-------- Material supplied --------

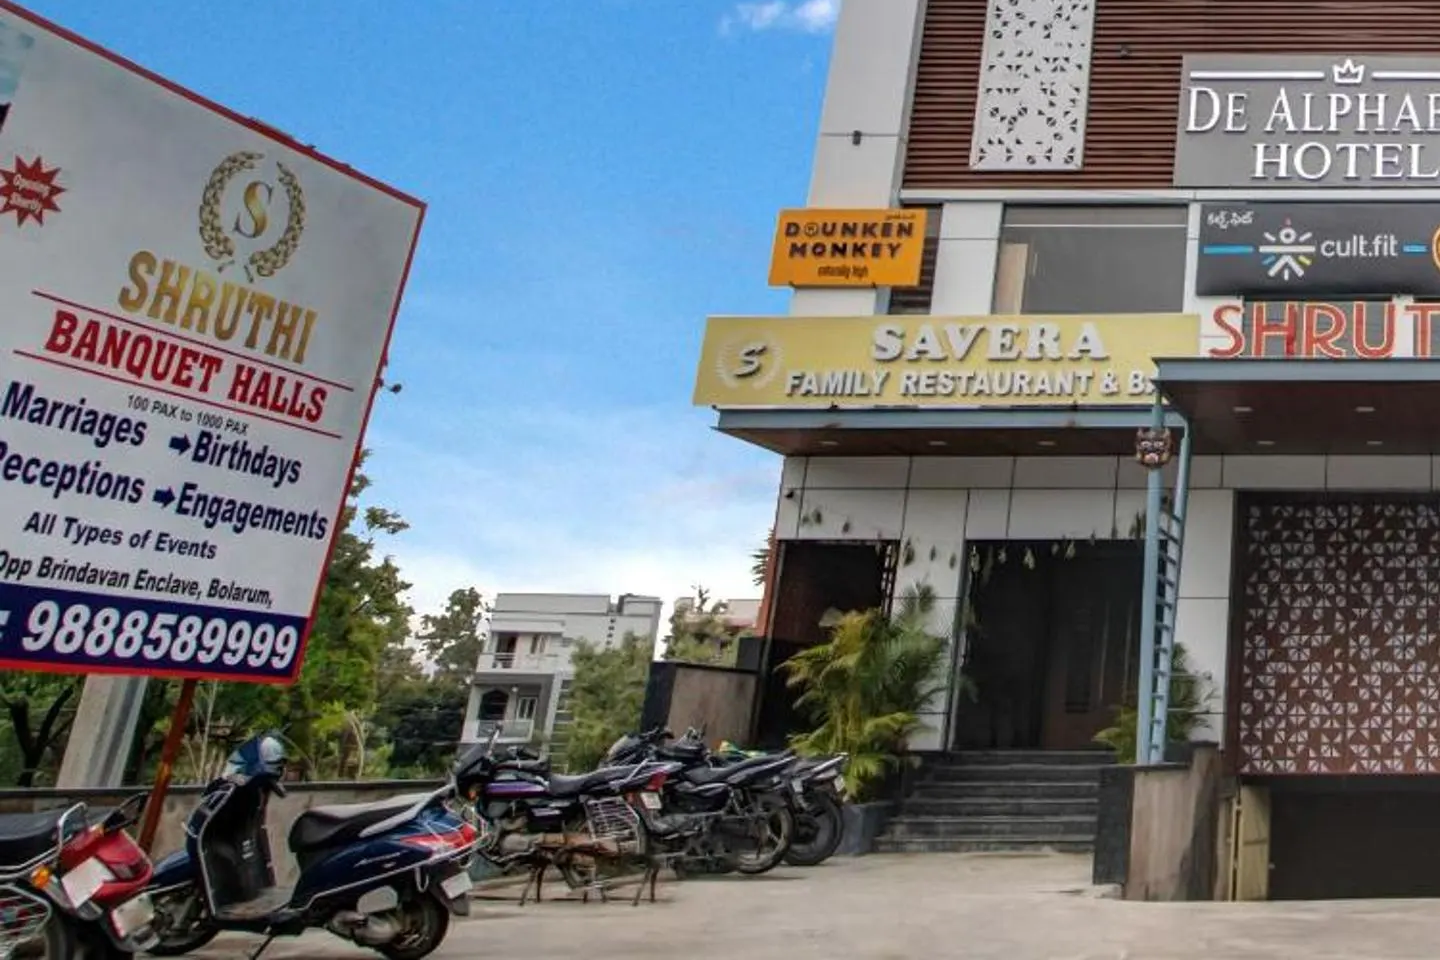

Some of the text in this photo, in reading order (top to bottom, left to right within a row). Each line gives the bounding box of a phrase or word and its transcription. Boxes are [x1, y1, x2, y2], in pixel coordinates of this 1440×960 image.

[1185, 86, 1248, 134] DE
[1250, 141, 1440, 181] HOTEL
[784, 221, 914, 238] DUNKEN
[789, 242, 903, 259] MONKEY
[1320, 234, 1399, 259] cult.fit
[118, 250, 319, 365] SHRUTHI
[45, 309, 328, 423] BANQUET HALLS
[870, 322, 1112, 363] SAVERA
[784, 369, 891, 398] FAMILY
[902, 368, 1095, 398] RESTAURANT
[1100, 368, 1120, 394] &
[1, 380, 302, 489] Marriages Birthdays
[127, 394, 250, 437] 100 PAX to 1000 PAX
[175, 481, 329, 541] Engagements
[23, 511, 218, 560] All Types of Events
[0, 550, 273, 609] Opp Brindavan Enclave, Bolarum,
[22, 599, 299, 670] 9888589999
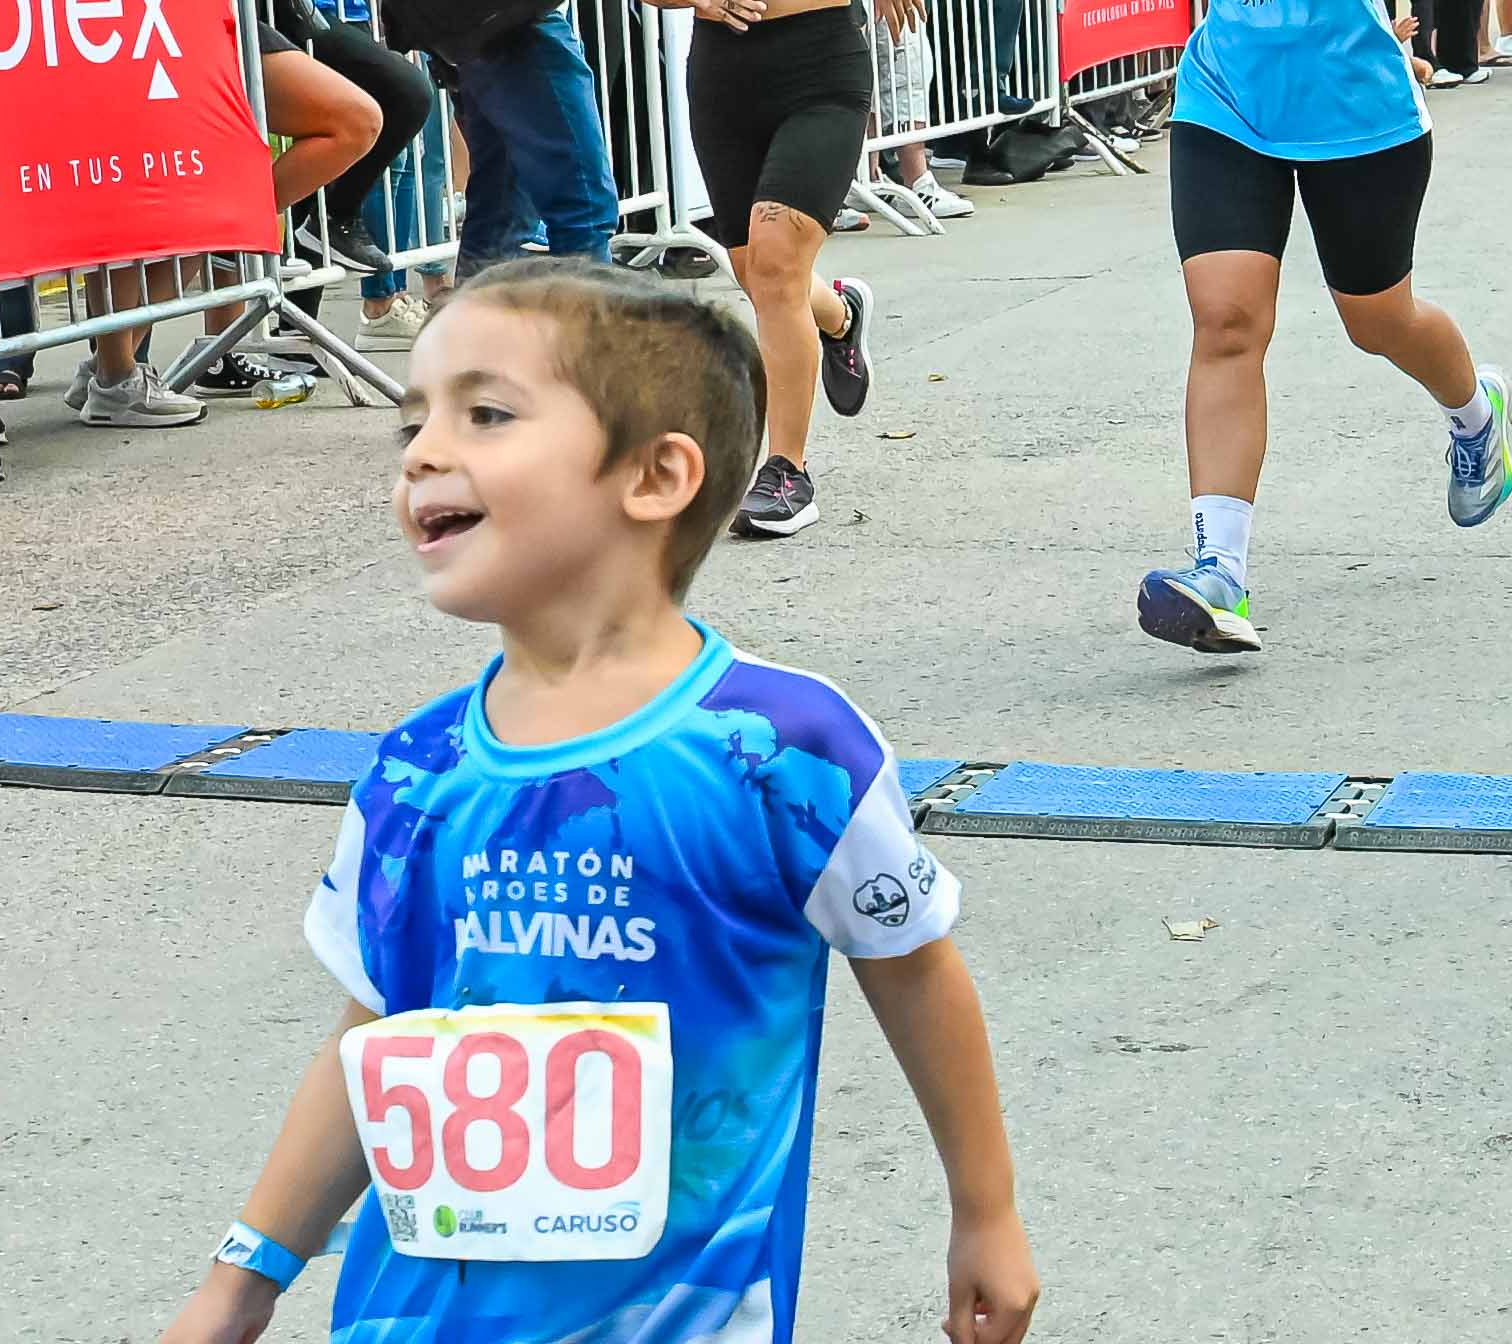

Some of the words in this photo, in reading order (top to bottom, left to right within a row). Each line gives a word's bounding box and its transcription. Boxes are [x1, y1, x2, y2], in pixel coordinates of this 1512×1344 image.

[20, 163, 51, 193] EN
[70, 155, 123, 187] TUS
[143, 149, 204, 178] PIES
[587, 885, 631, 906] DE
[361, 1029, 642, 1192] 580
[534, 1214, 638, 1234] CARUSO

--------

* Assignment
Give back an exact reproduction of the entries, with all pictures excluded.

* Answer section
Some of the text in this photo, in reading order (top to bottom, left to right within a row). Each line gives the bounding box of a phrase or word and its transcription. Boxes are [x1, y1, x2, y2], in pixel coordinates of this 1440×960 image.

[1185, 86, 1248, 134] DE
[1250, 141, 1440, 181] HOTEL
[784, 221, 914, 238] DUNKEN
[789, 242, 903, 259] MONKEY
[1320, 234, 1399, 259] cult.fit
[118, 250, 319, 365] SHRUTHI
[45, 309, 328, 423] BANQUET HALLS
[870, 322, 1112, 363] SAVERA
[784, 369, 891, 398] FAMILY
[902, 368, 1095, 398] RESTAURANT
[1100, 368, 1120, 394] &
[1, 380, 302, 489] Marriages Birthdays
[127, 394, 250, 437] 100 PAX to 1000 PAX
[175, 481, 329, 541] Engagements
[23, 511, 218, 560] All Types of Events
[0, 550, 273, 609] Opp Brindavan Enclave, Bolarum,
[22, 599, 299, 670] 9888589999

Some of the words in this photo, in reading order (top to bottom, left to right within a row). Each line gives a word's bounding box and its transcription. Boxes are [x1, y1, x2, y2], in pixel coordinates of this 1512×1344 image.

[20, 163, 51, 193] EN
[70, 155, 123, 187] TUS
[143, 149, 204, 178] PIES
[587, 885, 631, 906] DE
[361, 1029, 642, 1192] 580
[534, 1214, 638, 1234] CARUSO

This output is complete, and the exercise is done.